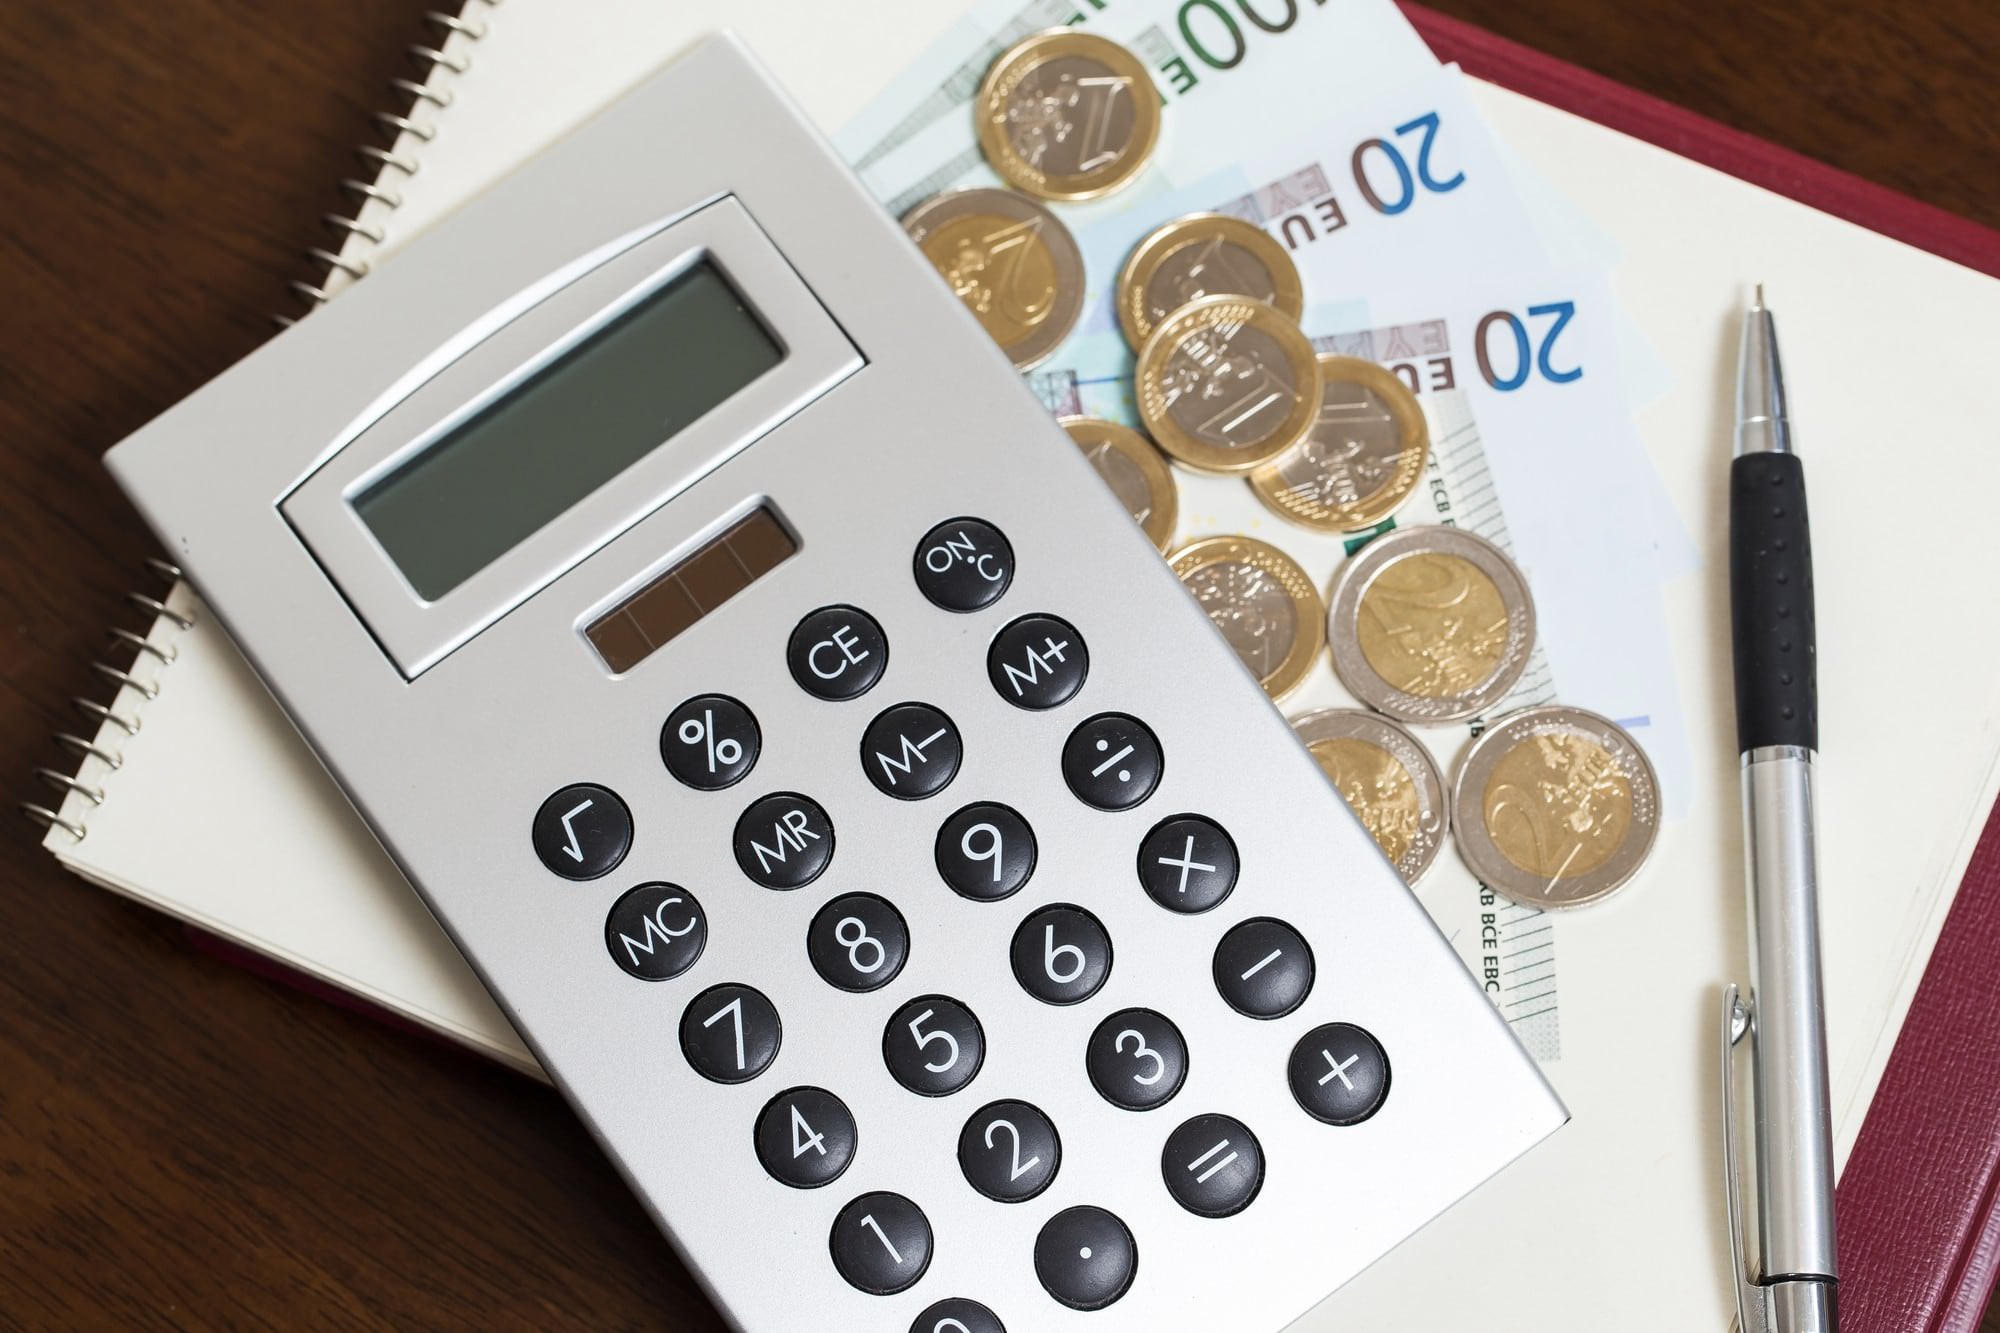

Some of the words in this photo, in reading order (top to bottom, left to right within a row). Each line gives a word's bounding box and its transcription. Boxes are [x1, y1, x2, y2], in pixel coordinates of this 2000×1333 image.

[1177, 0, 1326, 70] 00
[1351, 111, 1467, 216] 20
[1280, 197, 1348, 250] EU
[1389, 356, 1456, 394] EU
[1474, 301, 1583, 392] 20
[1429, 477, 1451, 513] ECB
[808, 625, 870, 679] CE
[1002, 637, 1068, 697] M+
[750, 809, 821, 874] MR
[961, 823, 1003, 882] 9
[619, 897, 697, 967] MC
[835, 916, 886, 974] 8
[1044, 924, 1086, 984] 6
[1483, 956, 1500, 993] EBC
[703, 997, 746, 1070] 7
[908, 1008, 960, 1073] 5
[1115, 1029, 1166, 1086] 3
[791, 1104, 827, 1159] 4
[984, 1119, 1041, 1182] 2
[860, 1213, 903, 1265] 1
##############################
● Exercise requirements: Type out all the records verbatim, minus images.

● Answer box:
Some of the words in this photo, in reading order (top to bottom, left to right within a row). Each line gives a word's bounding box and its transcription. Boxes are [x1, y1, x2, y2], in pixel coordinates of this 2000×1333 image.

[1177, 0, 1326, 70] 00
[1351, 111, 1467, 216] 20
[1280, 197, 1348, 250] EU
[1389, 356, 1456, 394] EU
[1474, 301, 1583, 392] 20
[1429, 477, 1451, 513] ECB
[808, 625, 870, 679] CE
[1002, 637, 1068, 697] M+
[750, 809, 821, 874] MR
[961, 823, 1003, 882] 9
[619, 897, 697, 967] MC
[835, 916, 886, 974] 8
[1044, 924, 1086, 984] 6
[1483, 956, 1500, 993] EBC
[703, 997, 746, 1070] 7
[908, 1008, 960, 1073] 5
[1115, 1029, 1166, 1086] 3
[791, 1104, 827, 1159] 4
[984, 1119, 1041, 1182] 2
[860, 1213, 903, 1265] 1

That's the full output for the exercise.